2017 was an incredible year that showcased the complexities of the experiences of black women and the intersectionality that has to be considered when it comes to our personal and professional needs. It’s no secret that mental health and seeking professional help for conditions like depression and anxiety have often been shamed in the black community, a community where the mindset of only discussing family affairs within the same four walls of the household is commonly held. I know my Grandma was good for warning her children, “You better not be puttin’ my business out in dem’ streets.” Voluntarily seeking outside help in the form of a family therapist or counselor was often unheard of in the black community, until recently.

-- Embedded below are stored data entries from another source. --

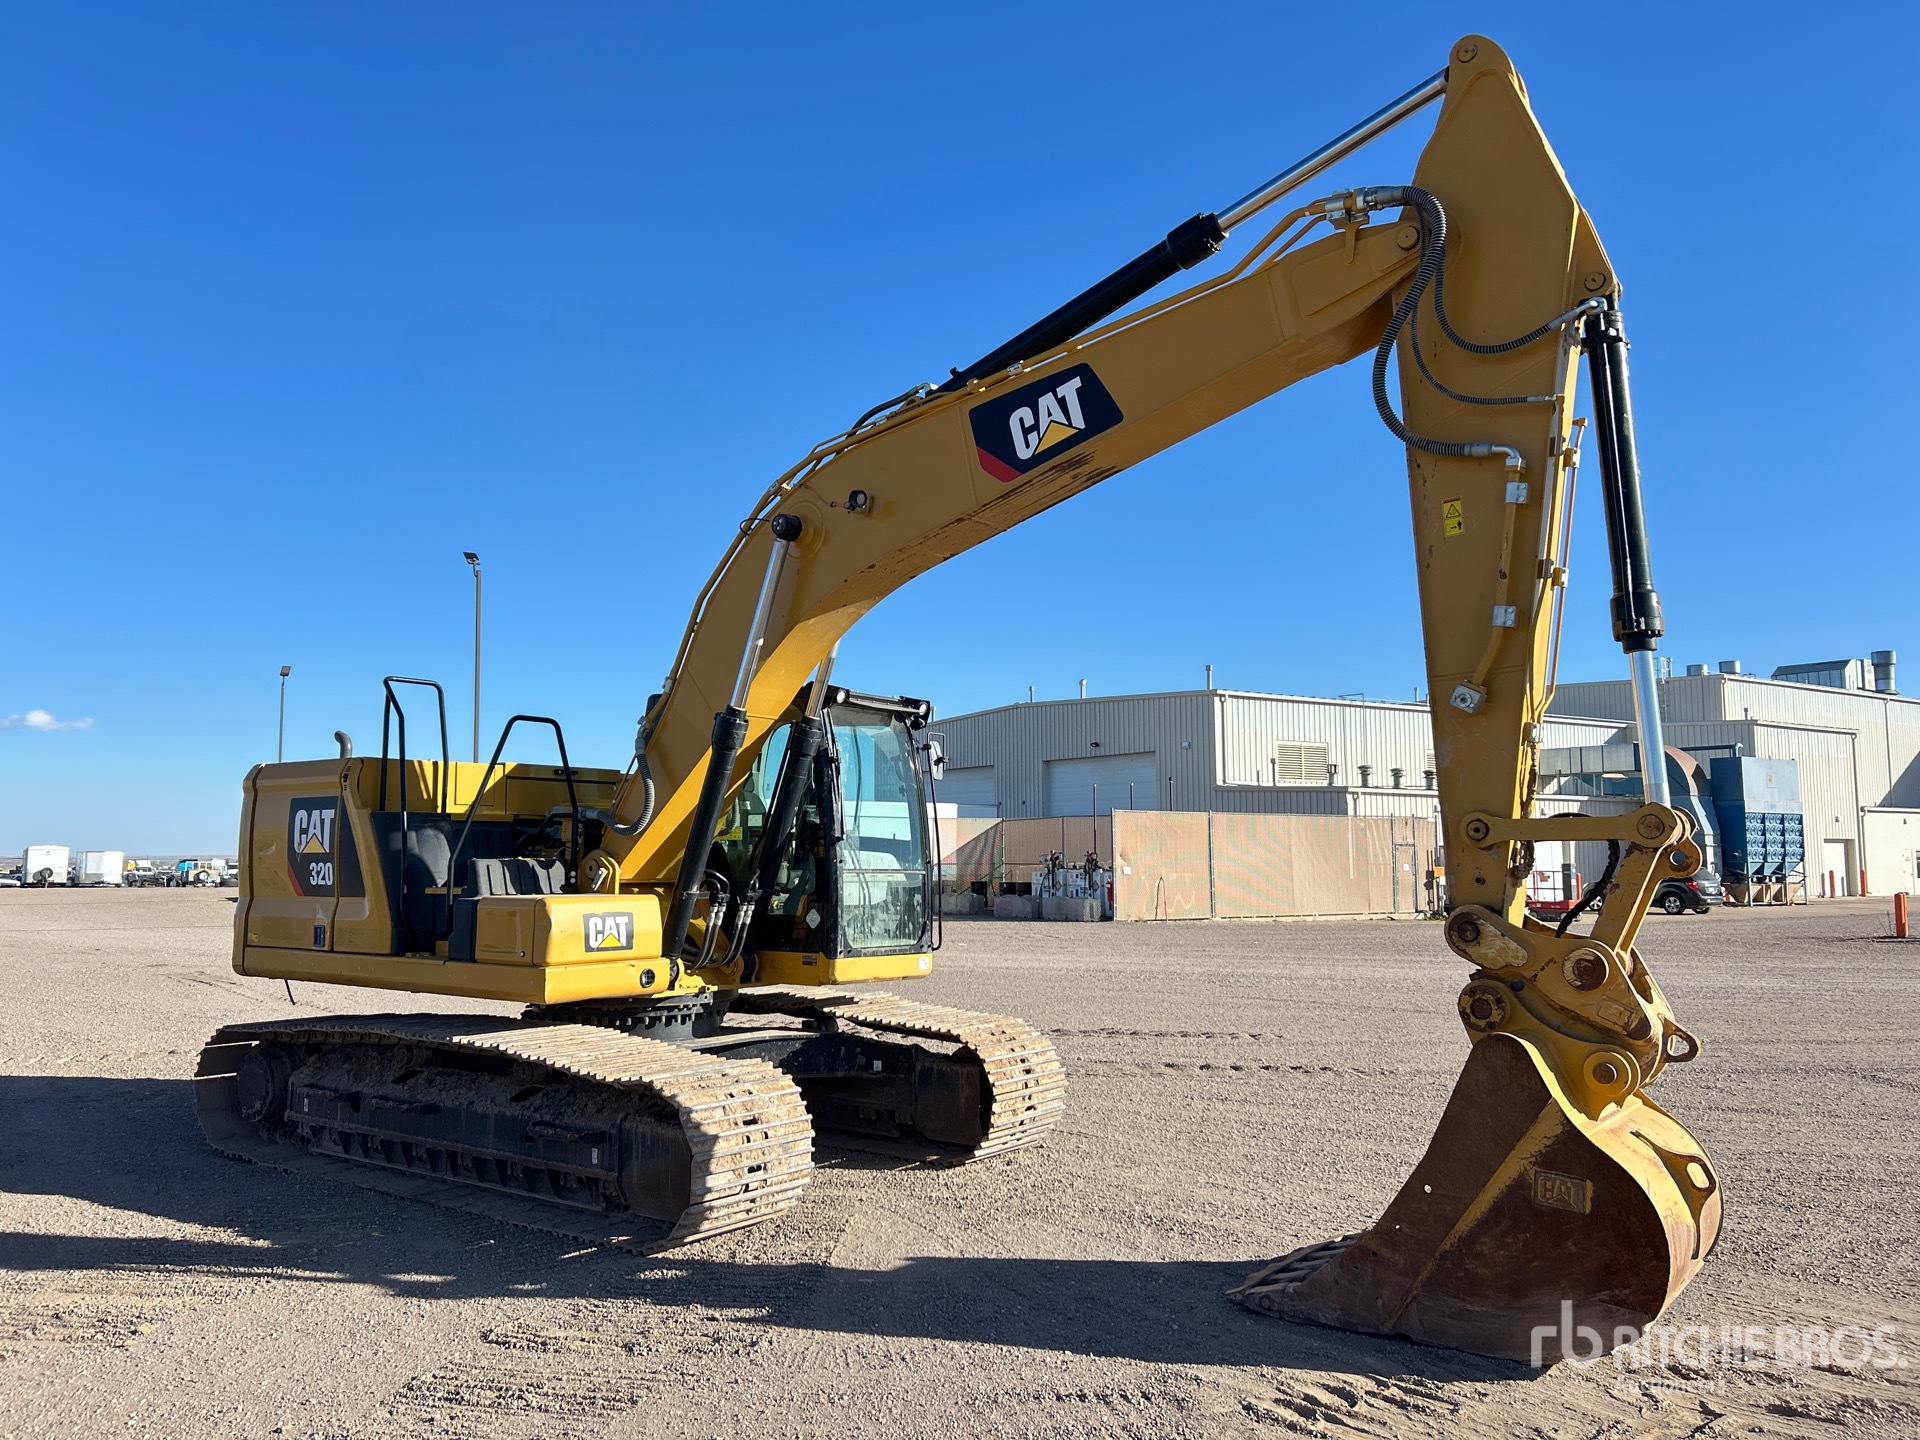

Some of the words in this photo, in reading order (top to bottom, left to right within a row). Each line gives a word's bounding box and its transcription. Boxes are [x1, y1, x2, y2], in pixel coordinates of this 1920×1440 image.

[1009, 376, 1085, 460] CAT
[293, 809, 335, 853] CAT
[309, 862, 333, 886] 320
[588, 916, 629, 949] CAT
[1538, 1177, 1579, 1209] CAT

It seems as if shows like Issa Rae’s “Insecure” and the reboot of Spike Lee’s “She’s Gotta Have It” have given women of color an updated image of what self-care and maintaining mental health looks like, and it isn’t showcased as weak or intrusive. Both shows feature main characters unpacking their issues with therapists and women of color who can personally identify with the specific incidents of micro-aggressions, cultural patterns and unhealthy cycles that are specific to the women of color. The Therapy for Black Girls Therapist Directory is the next step in helping women of color be able to access resources to better maintain their mental and emotional health.
Bustle recently sat down with the creator of the directory, Dr. Joy Harden Bradford who says she created the directory after realizing the need for Black women to “be seen and known” within the world of mental health:
“I created the directory because I continued to see the same conversation around Black women looking for a therapist come up again and again.”

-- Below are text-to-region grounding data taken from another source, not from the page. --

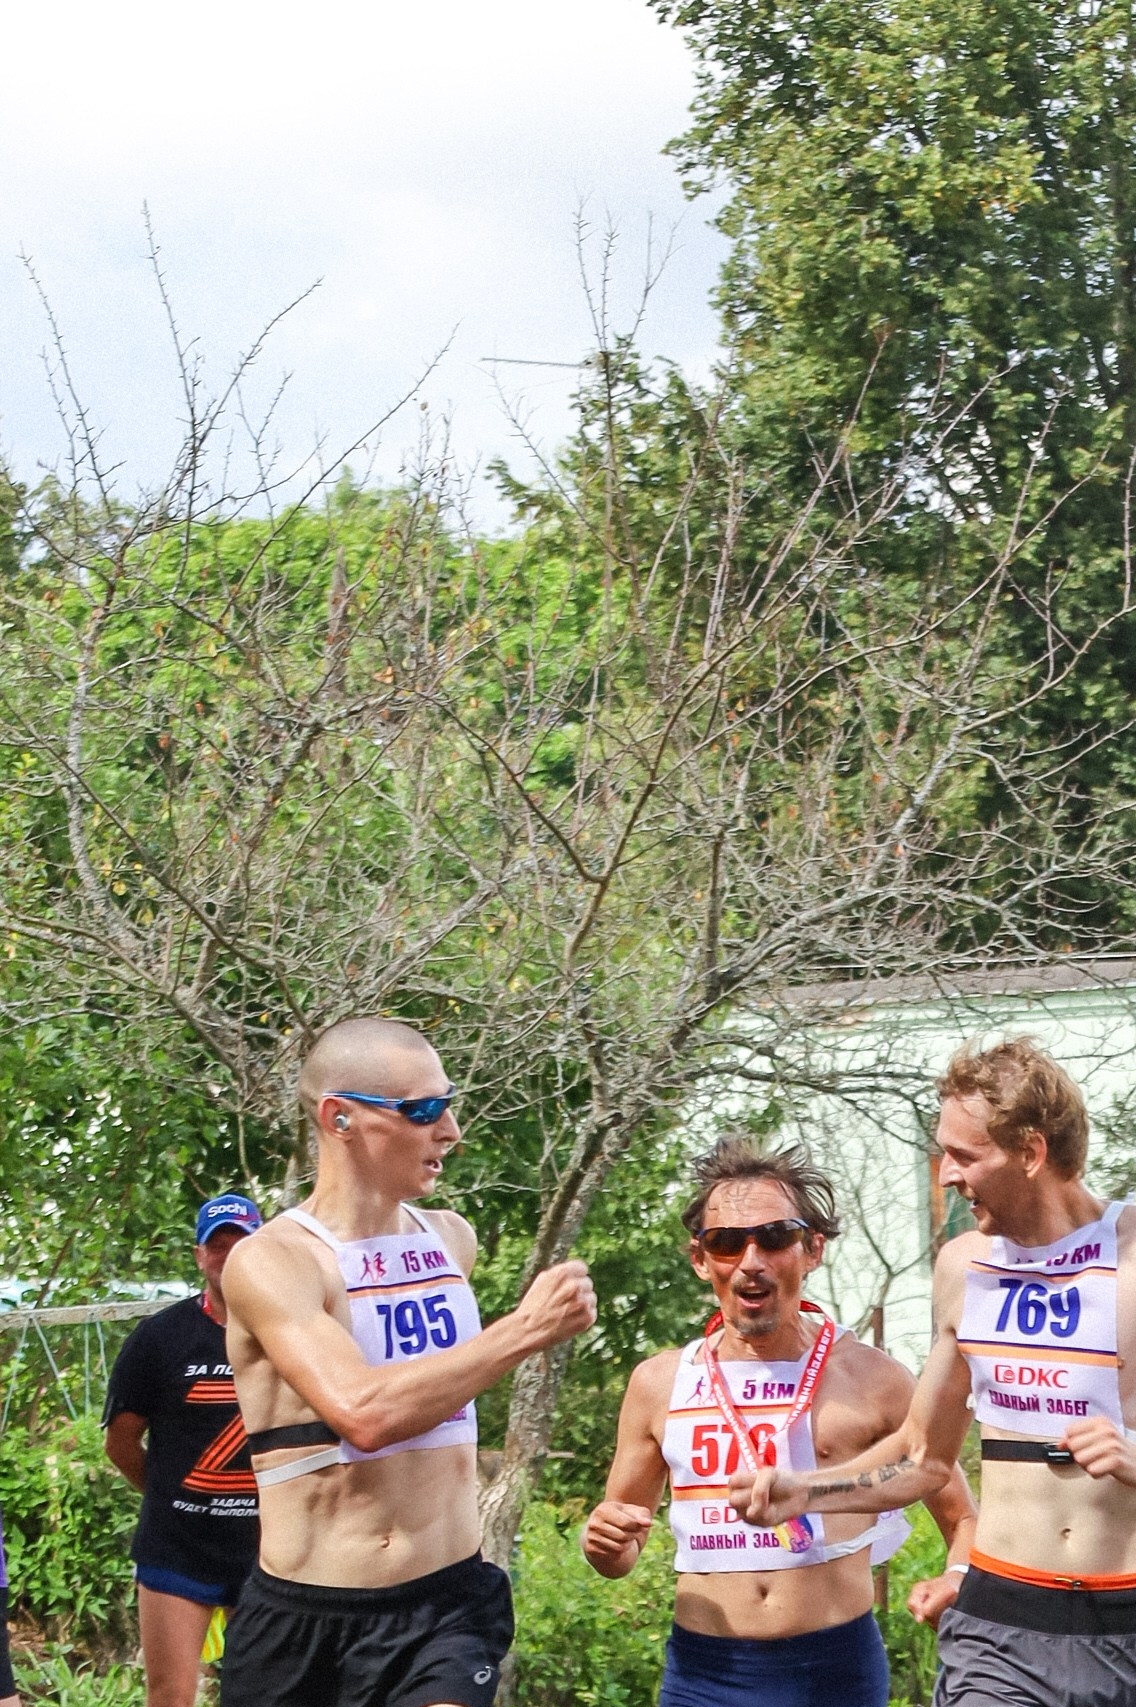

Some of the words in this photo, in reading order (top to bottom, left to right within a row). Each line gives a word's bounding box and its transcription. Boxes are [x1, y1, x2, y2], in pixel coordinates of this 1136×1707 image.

[401, 1250, 421, 1274] 15
[995, 1278, 1081, 1338] 769
[376, 1294, 458, 1360] 795
[184, 1364, 208, 1377] ЗА
[1018, 1366, 1069, 1388] DKC
[742, 1379, 757, 1400] 5
[1046, 1398, 1090, 1417] ЗАБЕГ
[210, 1498, 256, 1508] ЗАДАЧА
[690, 1531, 747, 1550] СЛАВНЫЙ
[753, 1533, 781, 1549] ЗАБ

“My experience has been that Black women typically prefer to have other Black women as therapists as there tends to be a level of ‘feeling seen and known’ that exists between Black women.”
The Therapy For Black Girls directory currently lists over 300 therapists in 34 states and Washington, DC. Dr. Joy wants to increase that number to 500 and expand to other countries in the near future. A picture of the therapist is featured along with their website and additional contact information for women seeking therapists according to the area they wish to be seen, making the site easy to navigate and a safe space. You can also choose to schedule an appointment with Dr. Joy herself. Joy is an Atlanta-based licensed psychologist who specializes in relationship (romantic, platonic, and familial) management, self-esteem improvement, college to work transition, and depression. She offers group as well as individual counseling geared towards meeting the needs of Black women.
If you’re not quite ready to connect with a therapist, or the site doesn’t currently list therapists in your area, Dr. Joy hosts a podcast also called “Therapy for Black Girls.” The podcasts aren’t meant to substitute for services offered by a mental health professional, but it does feature topics that pertain to mental health that can be accessed according to an individual’s needs or interests and don’t have to be listened to in order. Topics include, “Parenting Without Shame”, “Do You Believe In Sisterhood?” and “Emotional Eating” among others. Dr. Joy says the podcasts have allowed her to shatter the myths about what therapy looks like for many people who are skeptical about the process:
“The podcasts have allowed me to share more about what the therapeutic process looks like for people who may be curious and has allowed me, along with my guest therapists, to talk about issues that are important for Black women to know about and helpful in improving their mental health.”
With the end of another year approaching, it may be a good time to check out the site if you need resources to help you enter the new year with a fresh point of view in a safe space. Maybe instead of that gym membership or it might help to get healthy from the inside out starting with some peace of mind. Dr. Joy believes that all women can benefit from taking a moment to assess their mental health needs:
“When we look at the world we live in and the significant ways Black women are often mistreated and abused, there is a lot of healing that needs to take place for us to really have full and joyful lives.”